*** TASK DATA Section Begins ***
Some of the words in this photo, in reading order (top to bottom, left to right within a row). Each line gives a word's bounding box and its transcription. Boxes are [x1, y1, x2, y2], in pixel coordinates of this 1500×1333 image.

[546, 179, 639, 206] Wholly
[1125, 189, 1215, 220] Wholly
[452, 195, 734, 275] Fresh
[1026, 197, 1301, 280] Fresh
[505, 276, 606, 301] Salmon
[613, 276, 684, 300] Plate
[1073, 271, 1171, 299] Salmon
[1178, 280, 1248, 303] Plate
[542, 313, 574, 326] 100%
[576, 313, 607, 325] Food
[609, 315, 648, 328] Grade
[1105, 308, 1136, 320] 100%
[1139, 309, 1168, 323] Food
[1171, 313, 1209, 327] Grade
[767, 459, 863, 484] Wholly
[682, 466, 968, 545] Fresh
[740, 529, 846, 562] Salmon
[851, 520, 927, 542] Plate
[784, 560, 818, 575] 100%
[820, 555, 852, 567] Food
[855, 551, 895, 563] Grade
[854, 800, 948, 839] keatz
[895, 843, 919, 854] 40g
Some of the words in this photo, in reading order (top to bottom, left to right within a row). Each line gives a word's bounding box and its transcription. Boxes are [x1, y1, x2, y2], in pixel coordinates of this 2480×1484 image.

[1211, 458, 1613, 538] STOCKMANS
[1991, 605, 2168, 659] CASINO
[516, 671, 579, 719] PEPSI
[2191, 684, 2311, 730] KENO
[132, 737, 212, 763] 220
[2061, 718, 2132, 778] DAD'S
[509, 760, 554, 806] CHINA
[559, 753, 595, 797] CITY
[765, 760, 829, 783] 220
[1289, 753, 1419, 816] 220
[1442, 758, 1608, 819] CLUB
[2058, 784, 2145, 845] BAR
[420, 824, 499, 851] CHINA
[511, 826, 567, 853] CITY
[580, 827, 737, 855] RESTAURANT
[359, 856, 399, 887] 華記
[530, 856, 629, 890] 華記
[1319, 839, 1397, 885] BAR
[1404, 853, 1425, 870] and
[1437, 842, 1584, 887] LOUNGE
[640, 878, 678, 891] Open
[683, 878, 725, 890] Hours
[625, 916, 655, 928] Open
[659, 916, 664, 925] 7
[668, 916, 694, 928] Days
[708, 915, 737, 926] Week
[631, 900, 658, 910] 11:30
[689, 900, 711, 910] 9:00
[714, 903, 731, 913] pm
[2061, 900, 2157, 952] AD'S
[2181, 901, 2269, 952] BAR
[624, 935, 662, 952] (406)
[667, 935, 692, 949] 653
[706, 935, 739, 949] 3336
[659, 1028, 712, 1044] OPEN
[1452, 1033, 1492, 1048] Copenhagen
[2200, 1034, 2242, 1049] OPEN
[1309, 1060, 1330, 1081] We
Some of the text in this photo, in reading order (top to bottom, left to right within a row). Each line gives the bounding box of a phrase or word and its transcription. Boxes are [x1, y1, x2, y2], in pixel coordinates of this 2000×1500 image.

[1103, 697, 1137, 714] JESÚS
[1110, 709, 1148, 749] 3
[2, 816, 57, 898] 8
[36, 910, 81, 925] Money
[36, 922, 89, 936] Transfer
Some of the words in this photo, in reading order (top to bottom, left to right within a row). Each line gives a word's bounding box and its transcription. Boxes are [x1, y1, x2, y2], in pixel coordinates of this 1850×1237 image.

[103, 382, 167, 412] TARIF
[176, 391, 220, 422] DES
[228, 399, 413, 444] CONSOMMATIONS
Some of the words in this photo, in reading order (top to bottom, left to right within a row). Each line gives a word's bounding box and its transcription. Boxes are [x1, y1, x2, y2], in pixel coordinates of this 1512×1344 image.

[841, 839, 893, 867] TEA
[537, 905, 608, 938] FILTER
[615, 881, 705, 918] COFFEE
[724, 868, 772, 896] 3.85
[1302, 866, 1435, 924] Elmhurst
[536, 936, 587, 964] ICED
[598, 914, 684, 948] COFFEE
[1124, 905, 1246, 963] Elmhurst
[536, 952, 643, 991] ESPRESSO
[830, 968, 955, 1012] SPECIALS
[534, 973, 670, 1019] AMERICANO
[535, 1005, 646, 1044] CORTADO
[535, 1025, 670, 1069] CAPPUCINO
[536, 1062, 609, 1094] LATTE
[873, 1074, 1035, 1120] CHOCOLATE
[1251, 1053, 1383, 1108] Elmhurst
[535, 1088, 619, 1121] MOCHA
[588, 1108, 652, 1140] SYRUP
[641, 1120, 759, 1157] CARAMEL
*** TASK DATA Section Ends ***
• **WORK INSTRUCTION**: An exact restatement of the data above is required.

• **WRITTEN RESPONSE**:
Some of the words in this photo, in reading order (top to bottom, left to right within a row). Each line gives a word's bounding box and its transcription. Boxes are [x1, y1, x2, y2], in pixel coordinates of this 1500×1333 image.

[546, 179, 639, 206] Wholly
[1125, 189, 1215, 220] Wholly
[452, 195, 734, 275] Fresh
[1026, 197, 1301, 280] Fresh
[505, 276, 606, 301] Salmon
[613, 276, 684, 300] Plate
[1073, 271, 1171, 299] Salmon
[1178, 280, 1248, 303] Plate
[542, 313, 574, 326] 100%
[576, 313, 607, 325] Food
[609, 315, 648, 328] Grade
[1105, 308, 1136, 320] 100%
[1139, 309, 1168, 323] Food
[1171, 313, 1209, 327] Grade
[767, 459, 863, 484] Wholly
[682, 466, 968, 545] Fresh
[740, 529, 846, 562] Salmon
[851, 520, 927, 542] Plate
[784, 560, 818, 575] 100%
[820, 555, 852, 567] Food
[855, 551, 895, 563] Grade
[854, 800, 948, 839] keatz
[895, 843, 919, 854] 40g
Some of the words in this photo, in reading order (top to bottom, left to right within a row). Each line gives a word's bounding box and its transcription. Boxes are [x1, y1, x2, y2], in pixel coordinates of this 2480×1484 image.

[1211, 458, 1613, 538] STOCKMANS
[1991, 605, 2168, 659] CASINO
[516, 671, 579, 719] PEPSI
[2191, 684, 2311, 730] KENO
[132, 737, 212, 763] 220
[2061, 718, 2132, 778] DAD'S
[509, 760, 554, 806] CHINA
[559, 753, 595, 797] CITY
[765, 760, 829, 783] 220
[1289, 753, 1419, 816] 220
[1442, 758, 1608, 819] CLUB
[2058, 784, 2145, 845] BAR
[420, 824, 499, 851] CHINA
[511, 826, 567, 853] CITY
[580, 827, 737, 855] RESTAURANT
[359, 856, 399, 887] 華記
[530, 856, 629, 890] 華記
[1319, 839, 1397, 885] BAR
[1404, 853, 1425, 870] and
[1437, 842, 1584, 887] LOUNGE
[640, 878, 678, 891] Open
[683, 878, 725, 890] Hours
[625, 916, 655, 928] Open
[659, 916, 664, 925] 7
[668, 916, 694, 928] Days
[708, 915, 737, 926] Week
[631, 900, 658, 910] 11:30
[689, 900, 711, 910] 9:00
[714, 903, 731, 913] pm
[2061, 900, 2157, 952] AD'S
[2181, 901, 2269, 952] BAR
[624, 935, 662, 952] (406)
[667, 935, 692, 949] 653
[706, 935, 739, 949] 3336
[659, 1028, 712, 1044] OPEN
[1452, 1033, 1492, 1048] Copenhagen
[2200, 1034, 2242, 1049] OPEN
[1309, 1060, 1330, 1081] We
Some of the text in this photo, in reading order (top to bottom, left to right within a row). Each line gives the bounding box of a phrase or word and its transcription. Boxes are [x1, y1, x2, y2], in pixel coordinates of this 2000×1500 image.

[1103, 697, 1137, 714] JESÚS
[1110, 709, 1148, 749] 3
[2, 816, 57, 898] 8
[36, 910, 81, 925] Money
[36, 922, 89, 936] Transfer
Some of the words in this photo, in reading order (top to bottom, left to right within a row). Each line gives a word's bounding box and its transcription. Boxes are [x1, y1, x2, y2], in pixel coordinates of this 1850×1237 image.

[103, 382, 167, 412] TARIF
[176, 391, 220, 422] DES
[228, 399, 413, 444] CONSOMMATIONS
Some of the words in this photo, in reading order (top to bottom, left to right within a row). Each line gives a word's bounding box and its transcription. Boxes are [x1, y1, x2, y2], in pixel coordinates of this 1512×1344 image.

[841, 839, 893, 867] TEA
[537, 905, 608, 938] FILTER
[615, 881, 705, 918] COFFEE
[724, 868, 772, 896] 3.85
[1302, 866, 1435, 924] Elmhurst
[536, 936, 587, 964] ICED
[598, 914, 684, 948] COFFEE
[1124, 905, 1246, 963] Elmhurst
[536, 952, 643, 991] ESPRESSO
[830, 968, 955, 1012] SPECIALS
[534, 973, 670, 1019] AMERICANO
[535, 1005, 646, 1044] CORTADO
[535, 1025, 670, 1069] CAPPUCINO
[536, 1062, 609, 1094] LATTE
[873, 1074, 1035, 1120] CHOCOLATE
[1251, 1053, 1383, 1108] Elmhurst
[535, 1088, 619, 1121] MOCHA
[588, 1108, 652, 1140] SYRUP
[641, 1120, 759, 1157] CARAMEL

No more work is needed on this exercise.